La envidia es un cáncer que destruye en poco tiempo cualquier
organismo: «Un reino dividido internamente no puede subsistir; una
familia dividida no puede subsistir» (Mc 3,24-25). De hecho, no lo
olviden, «por envidia del diablo entró la muerte en el mundo» (Sb 2,24).
Y la murmuración es su instrumento y su arma.

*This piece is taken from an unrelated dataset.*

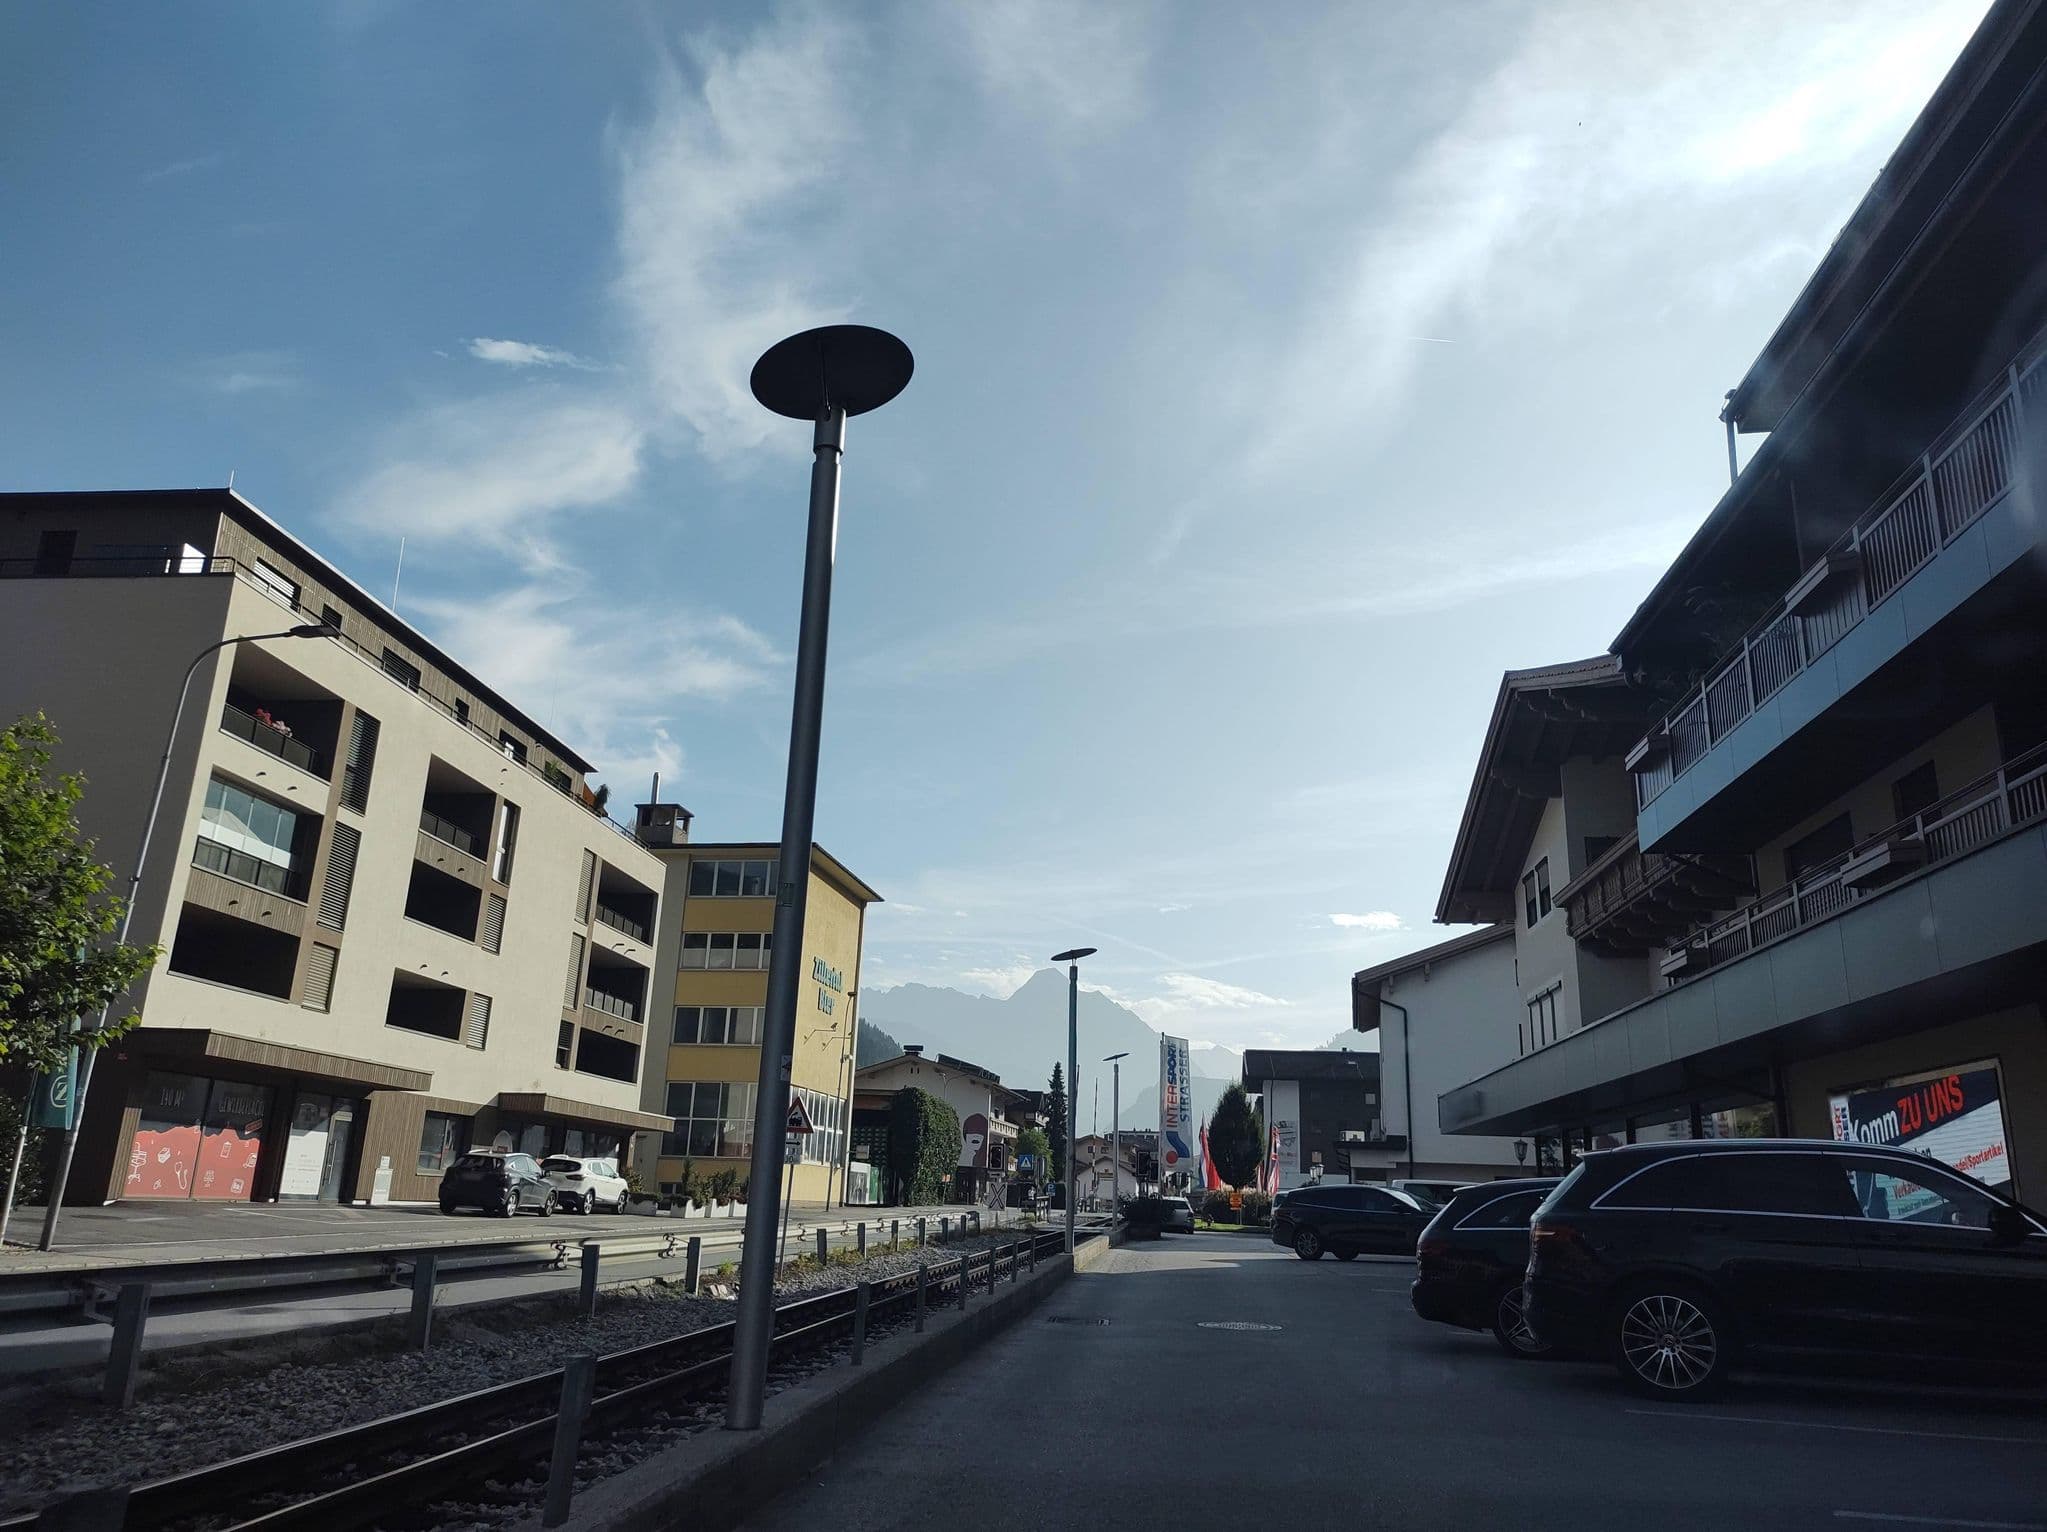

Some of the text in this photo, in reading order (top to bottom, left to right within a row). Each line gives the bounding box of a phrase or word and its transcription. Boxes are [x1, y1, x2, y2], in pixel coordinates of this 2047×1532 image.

4. La tentación de compararse con los demás. La
riqueza se encuentra en la diversidad y en la unicidad de cada uno de
nosotros. Compararnos con los que están mejor nos lleva con frecuencia a
caer en el resentimiento, compararnos con los que están peor, nos
lleva, a menudo, a caer en la soberbia y en la pereza.
Quien tiende siempre a compararse con los demás termina paralizado.
Aprendamos de los santos Pedro y Pablo a vivir la diversidad de
caracteres, carismas y opiniones en la escucha y docilidad al Espíritu
Santo.
5. La tentación del «faraonismo», – ¡estamos en Egipto!, bromeó – es decir, de endurecer el corazón y cerrarlo al Señor y a los demás.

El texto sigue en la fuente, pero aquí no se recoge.